Corey Brewer looks the same. He can still dive head-first through a chain-link fence without scratching anything but ears and toes, and he still plays defense like a caffeinated TSA agent conducting a patdown.

What was different for Brewer in the first game of his second career as a Timberwolf was that when he touched the ball, it went in the basket more often than it bounced off his leg.

On opening night at Target Center, Kevin Love played like the star the Wolves need him to be, and Brewer played like the veteran role player they signed him to be.

Brewer made a go-ahead tap-in late in regulation. With the score tied and time running out, he stopped Orlando gunner Aaron Afflalo 1-on-1 to send the game to overtime.

He made another go-ahead bucket in overtime, and grabbed the game’s last rebound, spiking the ball at the end of a 120-115 victory over the Magic.

“He was terrific,” Wolves coach Rick Adelman said. “He really covered the court. He really streaks out there.”

Well, Brewer doesn’t exactly cover the court. There are swizzle sticks that cast bigger shadows. He does know his role, one reason Adelman finally settled on Brewer instead of a more gifted youngster to start at the small forward position.

Brewer is a defensive player on a unit that includes four offensive-minded players, and he’s a sprinter who can benefit from Love’s uncanny outlet passes and Ricky Rubio’s aggressiveness.

“[Kevin] and Ricky throwing outlet passes?” Brewer said. “I’m going to get a lot of layups this year.”

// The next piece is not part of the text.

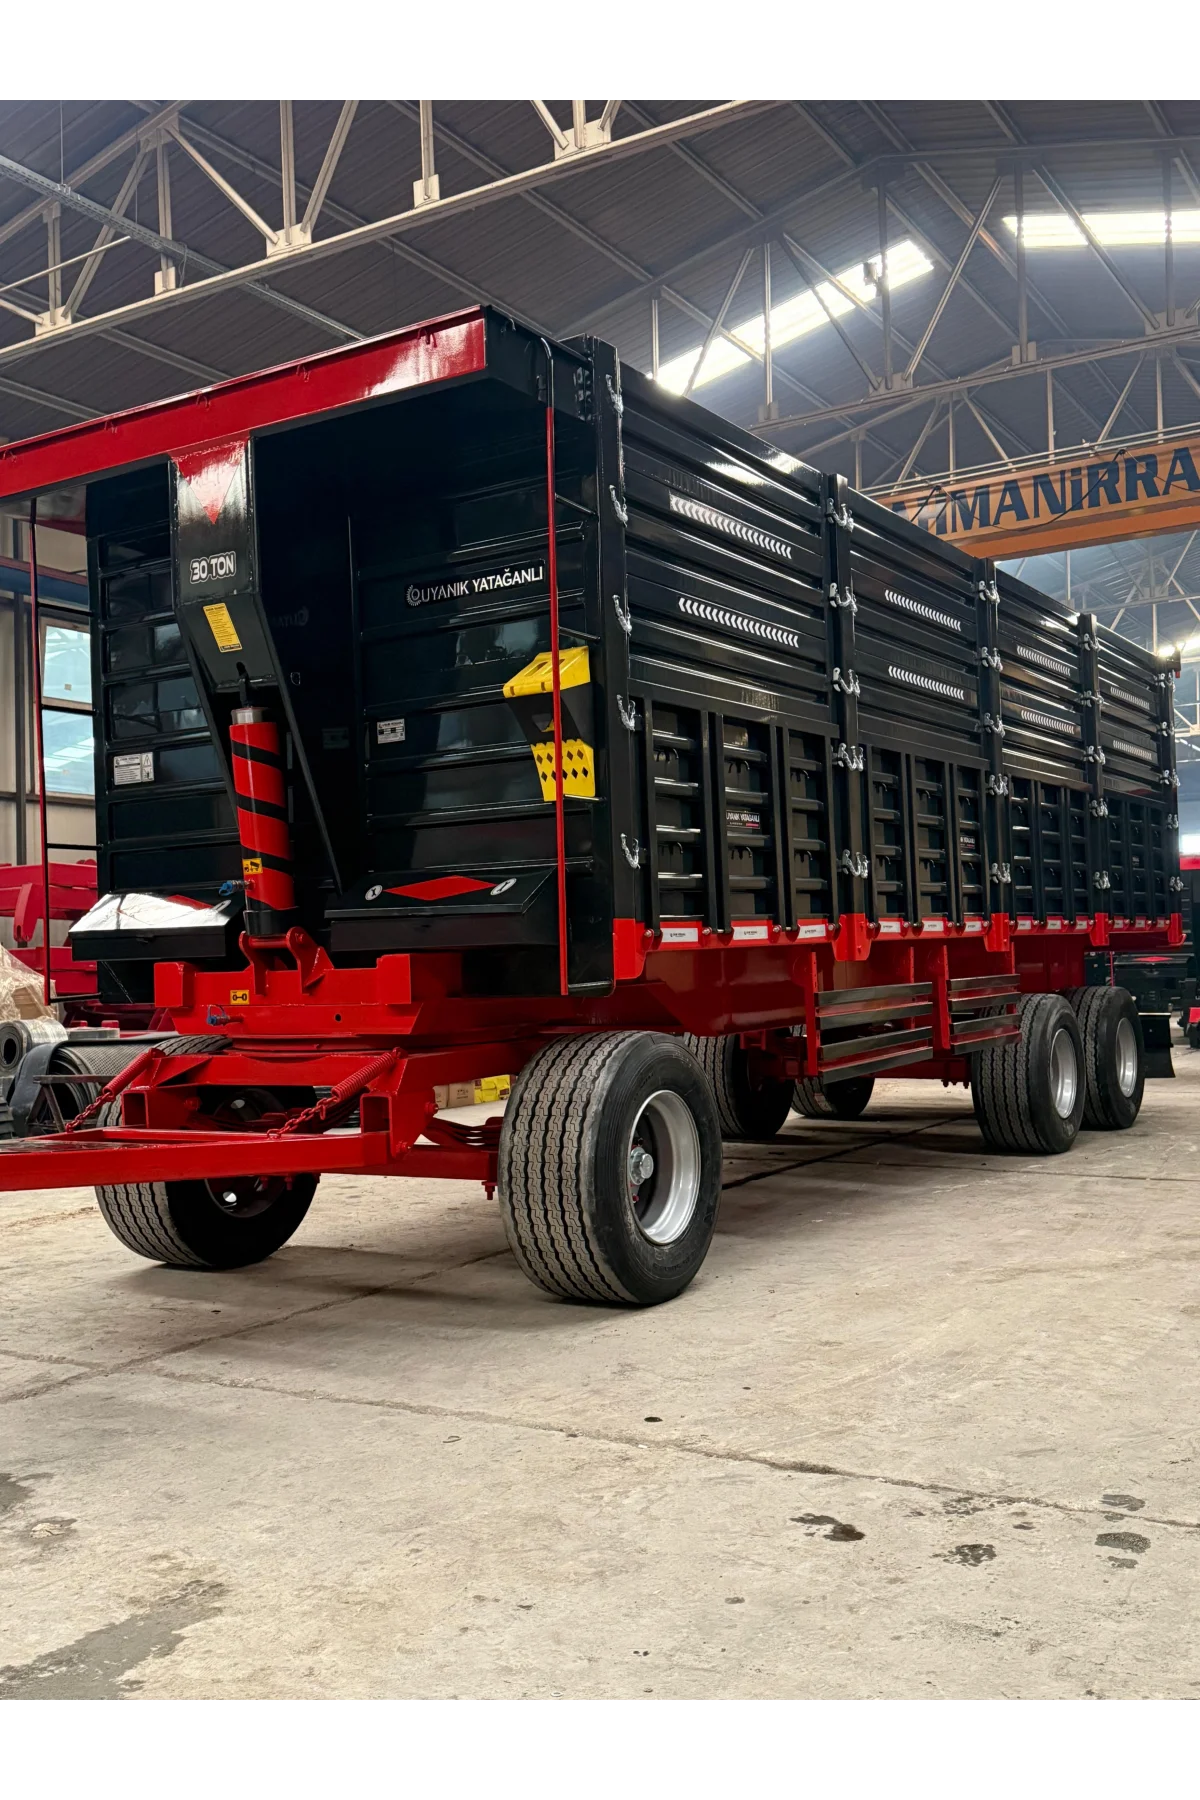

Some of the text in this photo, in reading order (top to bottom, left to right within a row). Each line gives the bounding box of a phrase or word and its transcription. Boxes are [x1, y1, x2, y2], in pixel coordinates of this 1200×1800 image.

[190, 552, 236, 582] 30 TON
[472, 566, 544, 592] YATAĞANLI

Brewer finished with 16 points on 7-of-11 shooting. He had three rebounds, two assists, three steals and three turnovers. His plus-minus rating of plus-six was second on the Wolves only to Love’s plus-nine.

“If you watch me play, I shoot corner threes, and I get layups,” Brewer said. “I don’t take bad shots. We’ve got too many offensive weapons to take bad shots.”

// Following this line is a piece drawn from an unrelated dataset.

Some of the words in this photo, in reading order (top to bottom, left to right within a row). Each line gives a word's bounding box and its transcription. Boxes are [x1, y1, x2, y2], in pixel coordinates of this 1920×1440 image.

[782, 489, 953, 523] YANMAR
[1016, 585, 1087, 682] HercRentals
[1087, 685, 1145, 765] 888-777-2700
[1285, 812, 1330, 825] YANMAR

Brewer barely touched the ball for the first seven minutes of the game. Then he scored on a three-pointer and a twisting layup on consecutive possessions.

Late in the second quarter, Brewer saw Love grab a rebound, and took off. Love’s long pass was deflected. Brewer gathered it in by the free-throw line, drove hard, made the layup and drew the foul. His three-point play gave him 10 first-half points.

“That’s the type of player I am,” Brewer said. “I learned playing in Denver the last few years to get ’em quick. Get ’em when you can get ’em. Because you know there were a lot of offensive weapons over there, too.”

The Timberwolves took Brewer with the seventh pick in the 2007 draft. He was the wrong choice for a franchise in desperate need of refined talent. Brewer won two national titles with Florida by playing with energy. The Wolves had dealt with so many problem players that they overvalued Brewer’s positive character traits, including work ethic, hustle and a history of winning.

Brewer did not play to the level of a No. 7 pick. He wound up with the Dallas Mavericks, where he won a title despite not playing in the clinching game.

In Denver, playing for George Karl, he put his intensity to use. In Karl’s Formula One system, he was allowed to take three-pointers and push the pace. His career points-per-game average remains under 10, but he scored 12.1 per game last season with the Nuggets.

“This is a different feel than the last time,” Brewer said. “Last time, we were rebuilding. Losing, basically. I feel like this team is going to be a winner.”